Par Raid Fahmi (revue de presse: international.pcf.fr)*
L’évolution de la situation politique en Irak au cours des dernières années indique clairement que le pays connaît une crise profonde et généralisée qui frappe tous les domaines : politique, économique, social et institutionnel. L’occupation de Mossoul, la troisième ville irakienne, par Daech le 10 juin 2014, sans réelle résistance de la part des forces armées, et qui a coïncidé avec la chute brutale des cours du pétrole, source principale des recettes budgétaires de l’Etat, a amplifié les effets conjoncturels de la crise et l’a approfondie.

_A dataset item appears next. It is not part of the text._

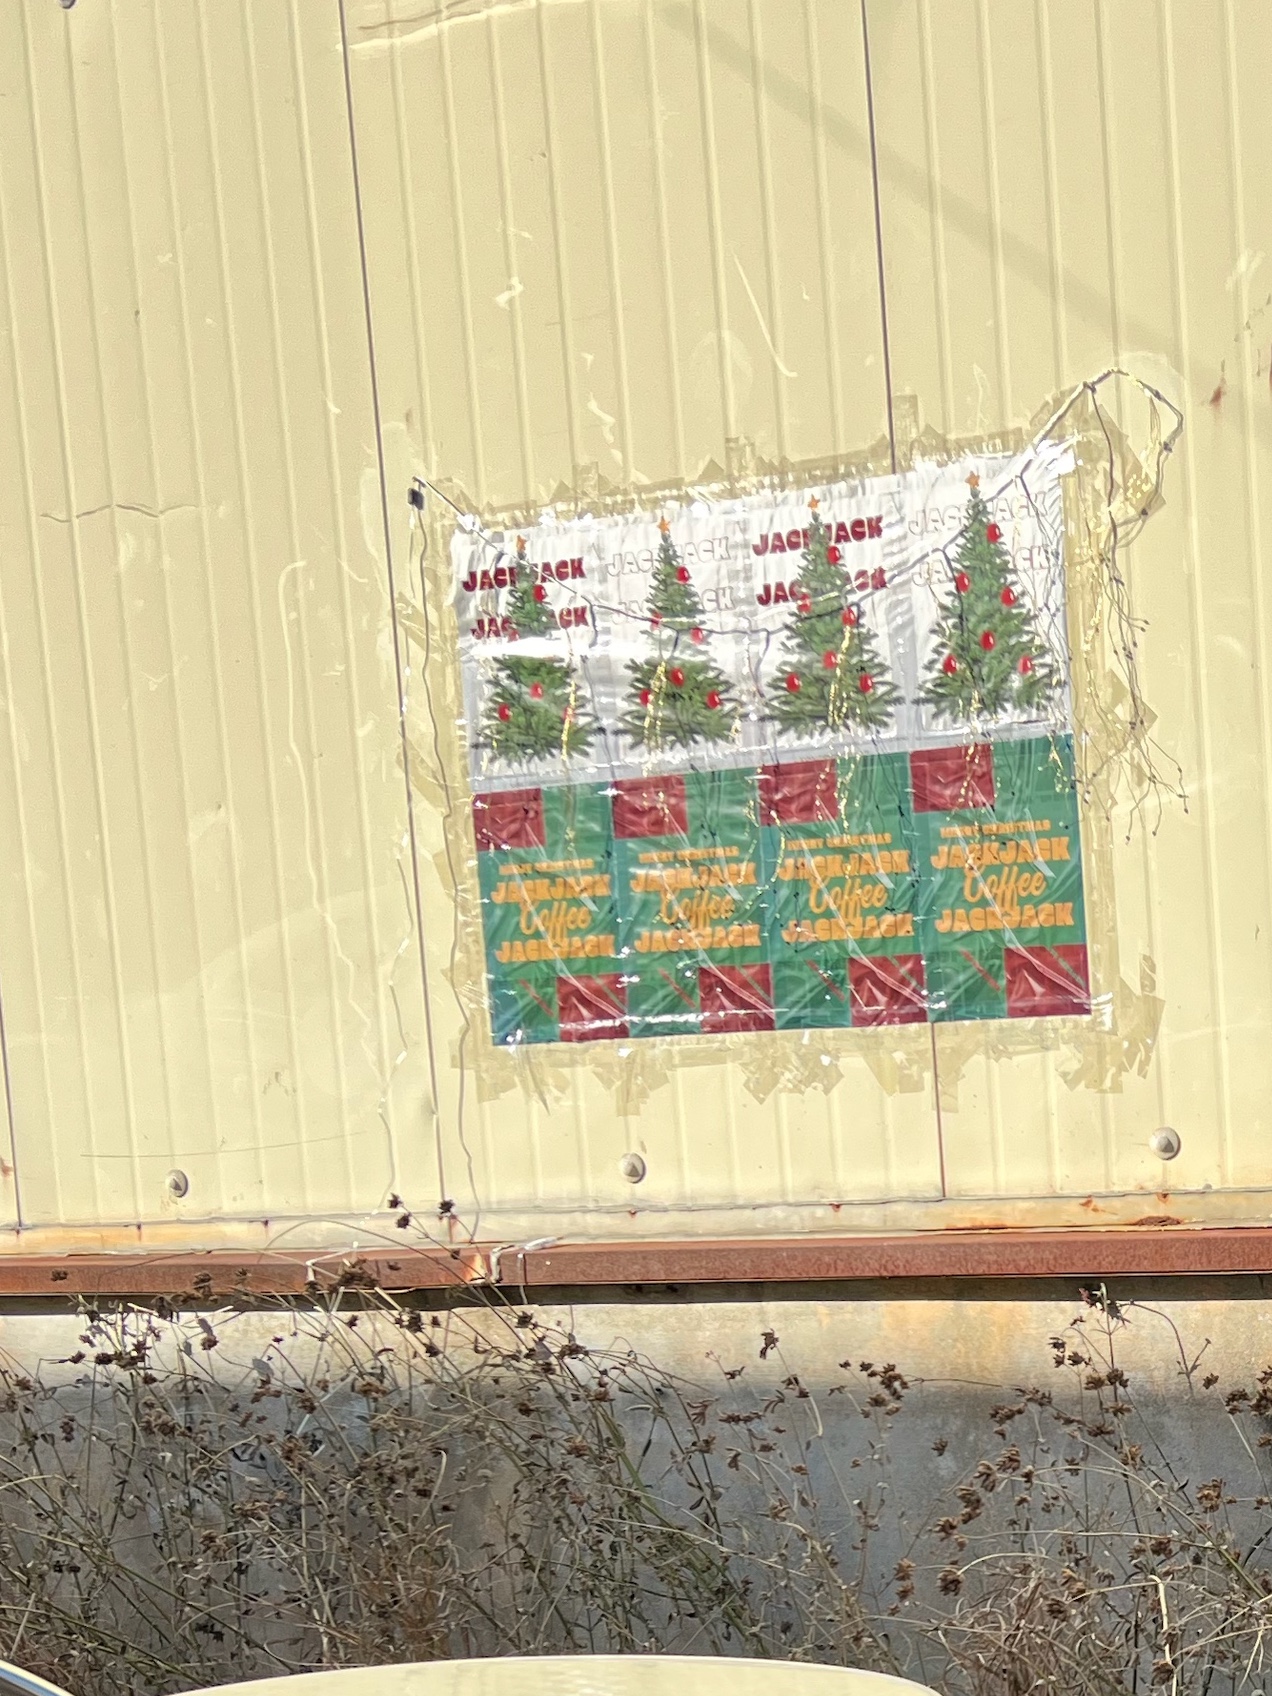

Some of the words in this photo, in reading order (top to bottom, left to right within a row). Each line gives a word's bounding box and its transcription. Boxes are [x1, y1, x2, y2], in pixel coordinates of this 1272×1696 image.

Cette crise structurelle n’est pas sans lien avec la façon dont le changement s’est opéré, à savoir par la guerre, l’occupation américaine qui s’est ensuivie, le lourd héritage du régime dictatorial, la nature du régime et son mode de fonctionnement qui repose sur les quotas ethno-sectaires dans l’administration et la construction des institutions civiles et militaires de l’Etat.
La situation actuelle est aussi le produit des effets déstructurants du repliement sur les identités religieuses, confessionnelles, ethniques, tribales et régionales, et de l’instrumentalisation du religieux au détriment de l’identité nationale, ainsi que de la surdétermination des appartenances identitaires.

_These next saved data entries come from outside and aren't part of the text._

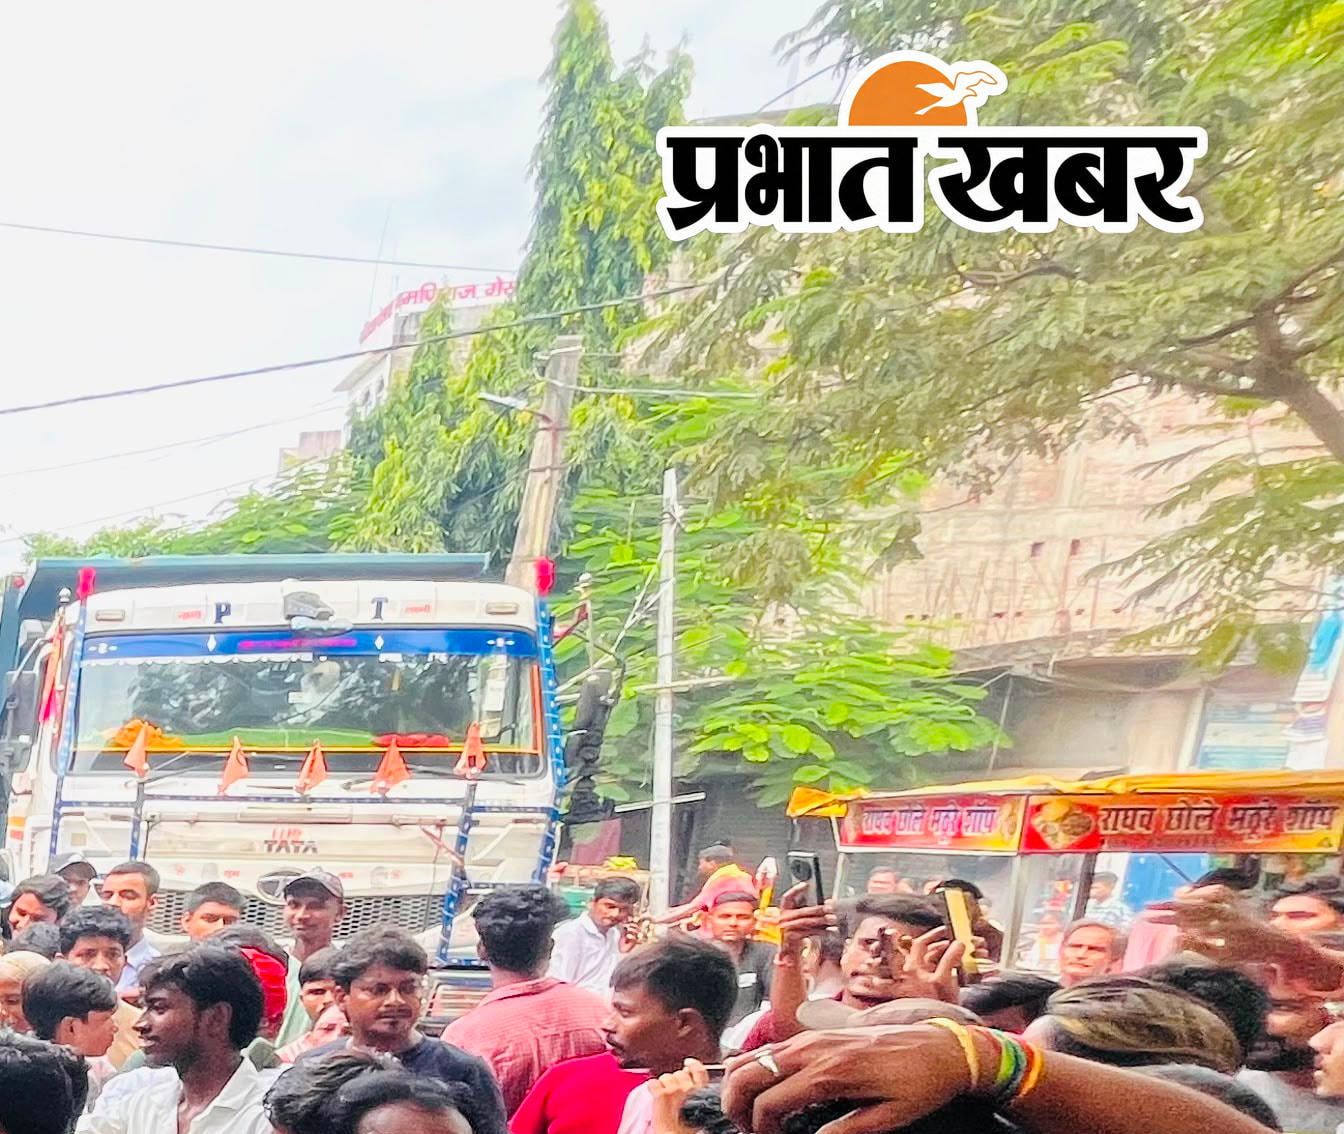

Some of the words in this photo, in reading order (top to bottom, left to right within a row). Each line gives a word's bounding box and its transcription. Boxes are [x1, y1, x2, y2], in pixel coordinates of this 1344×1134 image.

[214, 601, 232, 625] P
[370, 596, 389, 621] T
[1098, 805, 1159, 834] राघव
[1164, 797, 1221, 834] छोले
[1281, 799, 1339, 833] शॉप
[263, 840, 318, 854] TATA

Au cours de la dernière décennie, la dépendance de l’économie nationale à l’égard de la richesse pétrolière s’est accentuée au point que ses revenus représentent plus de 95 % du budget national et approximativement 60 % du PIB.
Le développement de l’économie rentière a entraîné le déclin des secteurs et des activités de production, fragilisant par conséquent les bases de l’économie et la rendant fortement vulnérable aux aléas du marché mondial du pétrole.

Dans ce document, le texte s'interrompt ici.